METHODS: MEDLINE (Ovid) and PsycINFO (Ovid) were last searched on 2 February 2021. Randomized clinical trials of therapist guided online v. face-to-face psychological interventions for psychiatric or somatic conditions using a randomized controlled design were included. Titles, abstracts, and full texts of studies were independently screened by multiple observers. The Preferred Reporting Items for Systematic Reviews and Meta-analyses guideline was followed. Authors of the matching trials were contacted for individual participant data. Ratings from the Credibility and Expectancy Questionnaire and the primary outcome measure from each trial were used to estimate the association between expectation ratings and treatment outcomes in online v. face-to-face interventions, using a mixed-effects model.

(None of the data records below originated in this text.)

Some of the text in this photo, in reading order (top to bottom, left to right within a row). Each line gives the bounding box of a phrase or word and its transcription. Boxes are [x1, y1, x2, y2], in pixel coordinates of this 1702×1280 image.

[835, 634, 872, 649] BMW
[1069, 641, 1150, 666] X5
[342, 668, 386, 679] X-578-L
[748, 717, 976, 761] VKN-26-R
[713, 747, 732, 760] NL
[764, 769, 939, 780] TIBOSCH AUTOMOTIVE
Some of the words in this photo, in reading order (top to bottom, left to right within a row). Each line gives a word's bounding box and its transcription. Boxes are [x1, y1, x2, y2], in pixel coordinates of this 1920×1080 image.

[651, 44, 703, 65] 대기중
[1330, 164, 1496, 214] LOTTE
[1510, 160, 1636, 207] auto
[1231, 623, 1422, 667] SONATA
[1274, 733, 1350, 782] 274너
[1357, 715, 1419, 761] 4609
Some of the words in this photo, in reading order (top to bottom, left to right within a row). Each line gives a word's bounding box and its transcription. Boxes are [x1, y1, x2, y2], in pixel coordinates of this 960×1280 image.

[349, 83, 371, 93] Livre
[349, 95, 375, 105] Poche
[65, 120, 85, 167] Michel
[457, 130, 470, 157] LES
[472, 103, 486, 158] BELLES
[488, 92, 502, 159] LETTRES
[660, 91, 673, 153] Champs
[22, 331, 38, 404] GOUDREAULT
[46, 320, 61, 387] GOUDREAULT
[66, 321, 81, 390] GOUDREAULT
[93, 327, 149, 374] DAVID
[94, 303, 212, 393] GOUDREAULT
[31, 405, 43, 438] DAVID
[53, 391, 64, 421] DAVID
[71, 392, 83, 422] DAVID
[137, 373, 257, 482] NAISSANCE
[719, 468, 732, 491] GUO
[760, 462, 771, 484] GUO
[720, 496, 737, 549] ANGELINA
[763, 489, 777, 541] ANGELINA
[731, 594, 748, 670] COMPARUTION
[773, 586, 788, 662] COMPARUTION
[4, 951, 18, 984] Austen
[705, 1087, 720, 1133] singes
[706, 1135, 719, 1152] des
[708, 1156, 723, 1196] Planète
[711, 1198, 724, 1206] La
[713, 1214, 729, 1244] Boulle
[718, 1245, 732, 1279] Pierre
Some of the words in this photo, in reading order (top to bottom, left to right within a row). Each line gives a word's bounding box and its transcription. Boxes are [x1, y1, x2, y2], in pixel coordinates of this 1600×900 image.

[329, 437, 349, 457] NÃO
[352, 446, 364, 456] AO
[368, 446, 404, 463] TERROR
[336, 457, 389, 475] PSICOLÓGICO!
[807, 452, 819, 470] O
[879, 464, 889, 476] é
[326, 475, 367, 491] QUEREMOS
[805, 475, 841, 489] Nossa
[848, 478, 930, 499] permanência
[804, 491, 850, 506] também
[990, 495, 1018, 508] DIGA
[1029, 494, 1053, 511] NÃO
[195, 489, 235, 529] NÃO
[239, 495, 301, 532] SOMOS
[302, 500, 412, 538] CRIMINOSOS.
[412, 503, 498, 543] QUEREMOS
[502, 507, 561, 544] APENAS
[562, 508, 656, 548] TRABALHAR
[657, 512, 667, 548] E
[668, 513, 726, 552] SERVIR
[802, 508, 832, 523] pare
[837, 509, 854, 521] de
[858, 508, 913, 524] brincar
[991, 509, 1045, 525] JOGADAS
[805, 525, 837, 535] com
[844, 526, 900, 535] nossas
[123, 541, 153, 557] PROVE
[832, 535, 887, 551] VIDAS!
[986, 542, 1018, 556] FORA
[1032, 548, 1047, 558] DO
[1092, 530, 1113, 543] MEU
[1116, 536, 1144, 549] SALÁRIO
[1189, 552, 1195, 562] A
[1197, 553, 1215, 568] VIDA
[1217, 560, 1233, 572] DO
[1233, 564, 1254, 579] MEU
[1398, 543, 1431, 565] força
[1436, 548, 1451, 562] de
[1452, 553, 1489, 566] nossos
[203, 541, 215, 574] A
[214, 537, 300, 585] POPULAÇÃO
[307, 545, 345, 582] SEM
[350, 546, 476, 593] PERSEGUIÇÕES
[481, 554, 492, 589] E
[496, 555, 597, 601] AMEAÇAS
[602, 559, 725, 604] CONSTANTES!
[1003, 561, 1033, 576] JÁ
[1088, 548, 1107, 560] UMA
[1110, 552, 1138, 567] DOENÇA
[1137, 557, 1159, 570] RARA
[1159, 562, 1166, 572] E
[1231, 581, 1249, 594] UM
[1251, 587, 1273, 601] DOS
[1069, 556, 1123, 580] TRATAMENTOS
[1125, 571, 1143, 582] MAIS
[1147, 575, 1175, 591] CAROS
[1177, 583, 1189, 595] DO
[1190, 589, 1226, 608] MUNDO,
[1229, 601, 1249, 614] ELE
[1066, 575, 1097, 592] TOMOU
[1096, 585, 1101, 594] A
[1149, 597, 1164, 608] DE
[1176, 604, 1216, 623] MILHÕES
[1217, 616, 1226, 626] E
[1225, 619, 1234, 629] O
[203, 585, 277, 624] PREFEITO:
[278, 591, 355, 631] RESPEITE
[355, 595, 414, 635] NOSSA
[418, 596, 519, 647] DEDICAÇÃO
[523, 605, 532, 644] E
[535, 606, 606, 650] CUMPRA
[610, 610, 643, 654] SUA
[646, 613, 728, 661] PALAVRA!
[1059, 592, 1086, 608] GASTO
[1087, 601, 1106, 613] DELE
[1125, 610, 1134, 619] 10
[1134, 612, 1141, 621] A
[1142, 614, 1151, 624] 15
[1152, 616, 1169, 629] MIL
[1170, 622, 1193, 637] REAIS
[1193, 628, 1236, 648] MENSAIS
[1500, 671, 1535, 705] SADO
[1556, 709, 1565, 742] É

RESULTS: Of 7045 screened studies, 62 full-text articles were retrieved whereof six studies fulfilled the criteria and provided individual participant data ( n = 491). Overall, CEQ ratings predicted clinical outcomes ( β = 0.27) at end of treatment with no moderating effect of treatment modality (online v. face-to-face).

CONCLUSIONS: Online treatment appears to be equally susceptible to expectancy effects as face-to-face therapy. This furthers our understanding of the importance of placebo-like factors in online treatment and may aid the improvement of healthcare in online settings.